The Court finds MSC's contention to be unmeritorious. Even assuming that the Rhode Island state educational agency is involved in the "education or care" of Colin and Alan, Conference Report 49, reprinted in [1975] U.S.Code Cong. & Ad.News 1425, 1502,[13] MSC is not the proper party to challenge the alleged defect in the state review procedure. Local educational agencies are simply not within the "protected class" that Congress envisioned when it prohibited review officers from being employees of the state educational agency involved in the care of the handicapped child at issue. The legislative history of 20 U.S.C. § 1415(c) indicates that this prohibition was intended exclusively to benefit handicapped children and their parents and guardians by insuring absolute impartiality in the administrative process. See Conference Report 49, reprinted in [1975] U.S.Code Cong. & Ad.News 1425, 1502 ("[A]ny parent or guardian may present a complaint concerning any matter", and "[t]he hearing will be conducted by an impartial ... officer since the State or local agency ... will be a party to any complaint presented.")

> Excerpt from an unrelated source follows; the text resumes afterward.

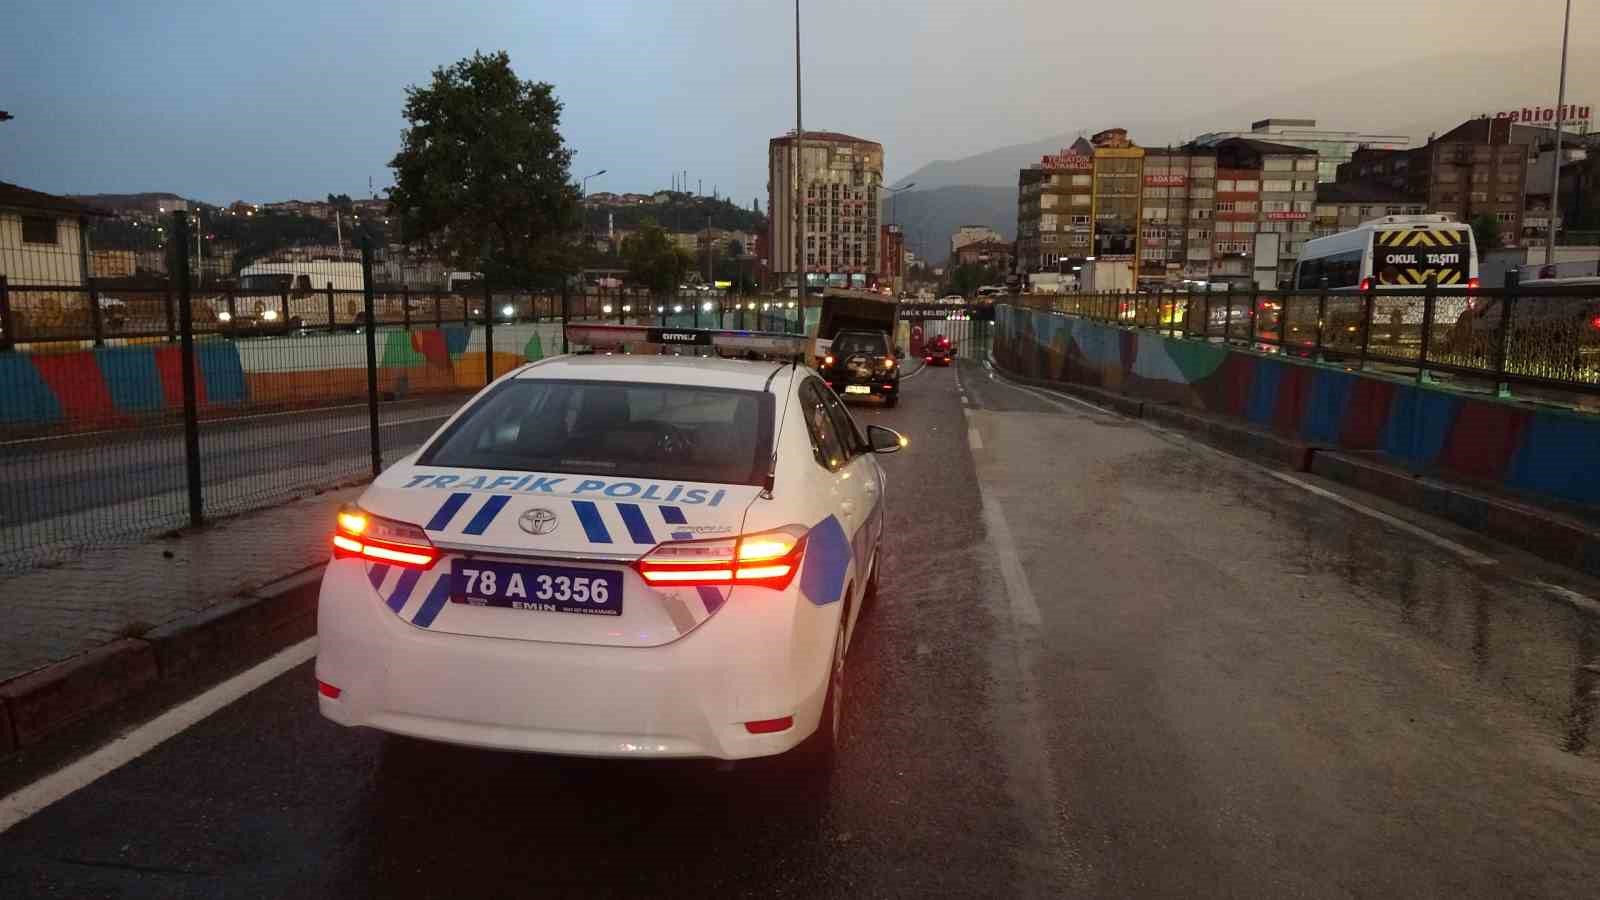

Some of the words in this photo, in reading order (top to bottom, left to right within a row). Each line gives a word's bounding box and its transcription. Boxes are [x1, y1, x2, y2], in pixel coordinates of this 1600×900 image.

Furthermore, the Court would not necessarily remand the EAHCA issues for a new administrative review proceeding even if MSC were entitled to raise the procedural defects alleged here. The EAHCA provides for de novo review by courts after exhaustion of administrative processes. The statute mandates that "the court shall hear additional evidence at the request of a party, and, basing its decision on the preponderance of the evidence, shall grant such relief as the court determines is appropriate." 20 U.S.C. § 1415(e) (2). Because the court's role in EAHCA proceedings is to assess the evidence independently, not to affirm or reverse administrative decisions or even to remand with instructions, Kruelle v. New Castle Cty. School District, 642 F.2d 687, 692 (3d Cir. 1981); Anderson v. Thompson, 495 F. Supp. 1256, 1260-61 (E.D.Wis.1980), aff'd on other grounds, 658 F.2d 1205 (7th Cir. 1981); Note, Enforcing the Right to an "Appropriate" Education: The Education of All Handicapped Children Act of 1975, 92 Harv.L.Rev. 1103, 1108 (1979) [hereinafter "Harvard Note"], defects in state administrative proceedings of the kind alleged here would not prevent the court from deciding EAHCA cases on the merits. Grymes v. State Bd. of Educ., 3 EHLR 552: 279,: 281 (D.Del. Jan. 7, 1981) (no remand where state review officer is employee of state educational agency).[14]

*1386 2. Appropriateness of MSC's Proposed Placement  
a. Injunctive and Declaratory Relief

Plaintiffs claim that MSC's proposed placement of Colin and Alan in public self-contained classrooms violates their rights to a free appropriate education under the EAHCA, RHA, and the equal protection clause. They argue that residential placement at Landmark School is the appropriate special education for the children. The Court finds that, based on a preponderance of the evidence in the administrative record, 20 U.S.C. § 1415(e) (2), MSC's present proposals calling for placement within public classrooms with pupil/teacher ratios possibly as high as ten-to-one and providing for some mainstreaming violate the children's right to a free appropriate education under the EAHCA.[15] Because MSC's proposed IEPs are clearly inadequate, and because the Landmark placement provides at least an appropriate special education, the Court orders MSC to continue funding the children's placement there. However, the present record, parts of which are now over two years old, contains insufficient evidence on which the Court can intelligently decide what effect a more intensive non-residential placement would have on the children. Thus, the Court declines to decide whether placement at Landmark, or residential placement generally, is minimally necessary in order to provide Colin and Alan with a free appropriate education under the EAHCA.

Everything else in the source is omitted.